== Segment start ==

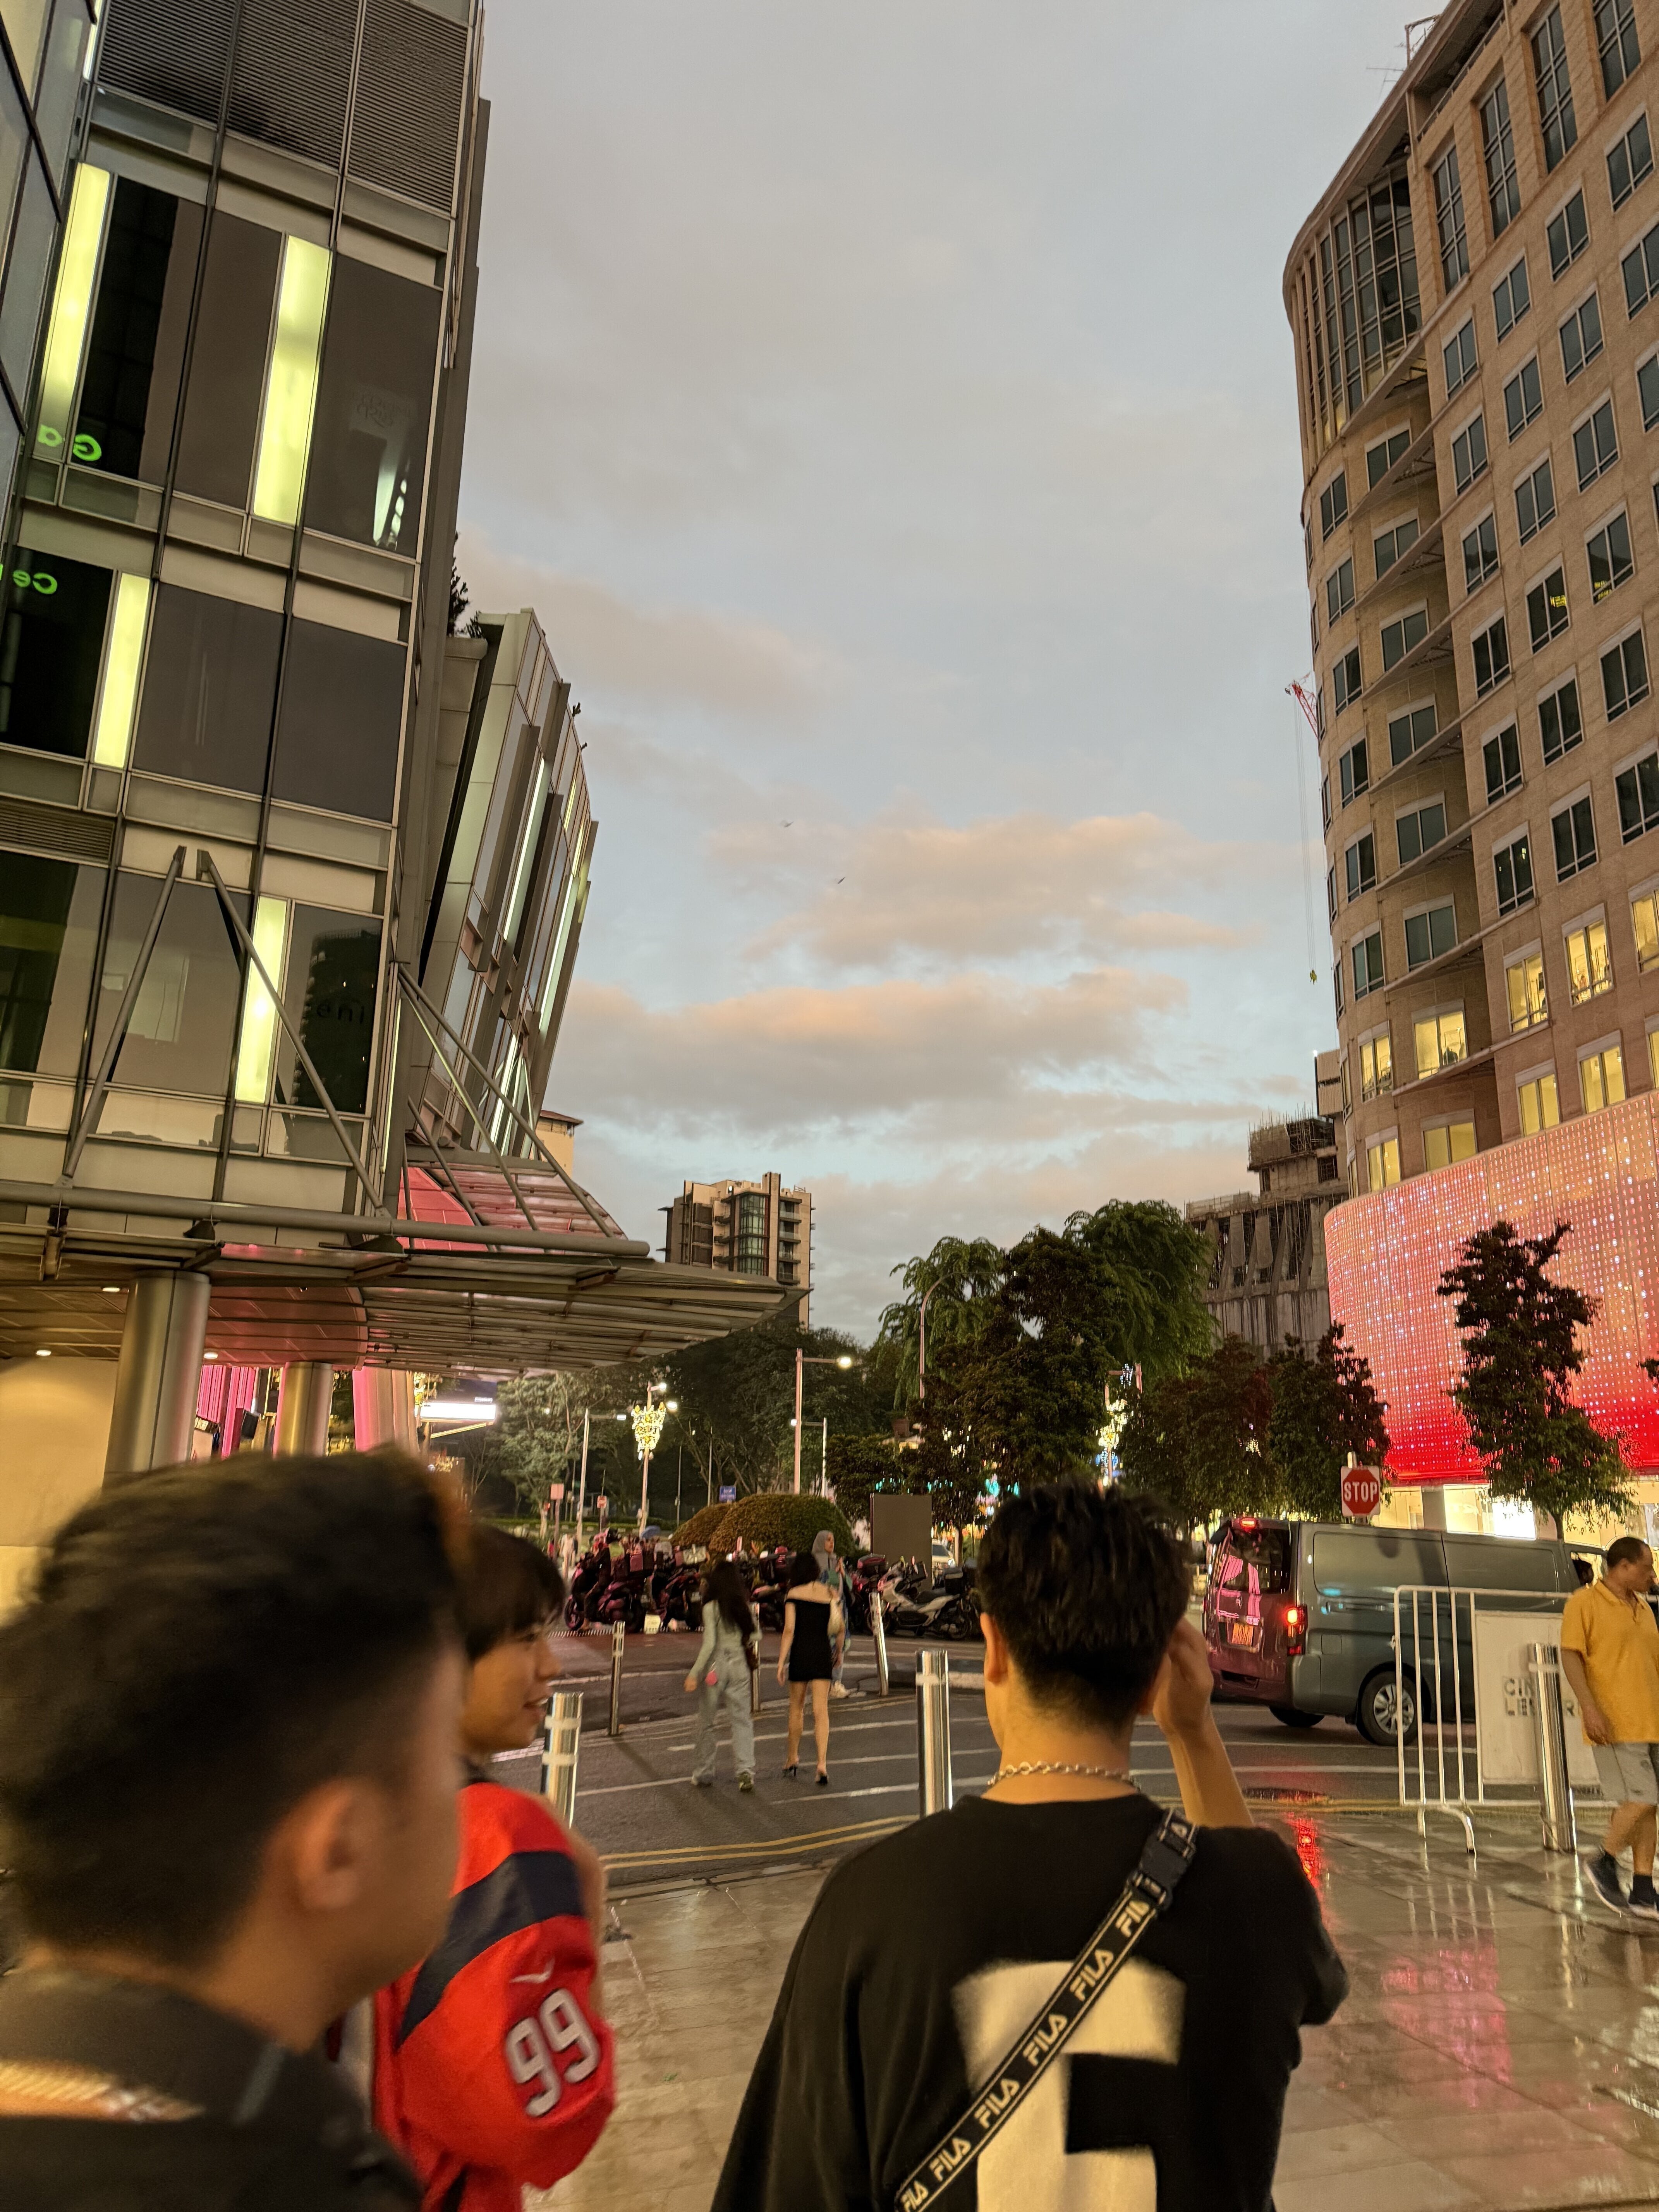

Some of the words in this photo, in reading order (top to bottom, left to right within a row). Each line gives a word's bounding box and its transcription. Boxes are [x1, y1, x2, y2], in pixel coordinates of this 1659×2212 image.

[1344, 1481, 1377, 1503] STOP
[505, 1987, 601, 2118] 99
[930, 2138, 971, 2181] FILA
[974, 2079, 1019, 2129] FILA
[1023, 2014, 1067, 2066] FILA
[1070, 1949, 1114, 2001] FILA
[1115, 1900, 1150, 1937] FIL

== Segment end ==

■ Task statement ■
Reproduce the records verbatim, omitting all images they contain.

■ Answer space ■
Some of the words in this photo, in reading order (top to bottom, left to right within a row). Each line gives a word's bounding box and its transcription. Boxes are [x1, y1, x2, y2], in pixel coordinates of this 1659×2212 image.

[1344, 1481, 1377, 1503] STOP
[505, 1987, 601, 2118] 99
[930, 2138, 971, 2181] FILA
[974, 2079, 1019, 2129] FILA
[1023, 2014, 1067, 2066] FILA
[1070, 1949, 1114, 2001] FILA
[1115, 1900, 1150, 1937] FIL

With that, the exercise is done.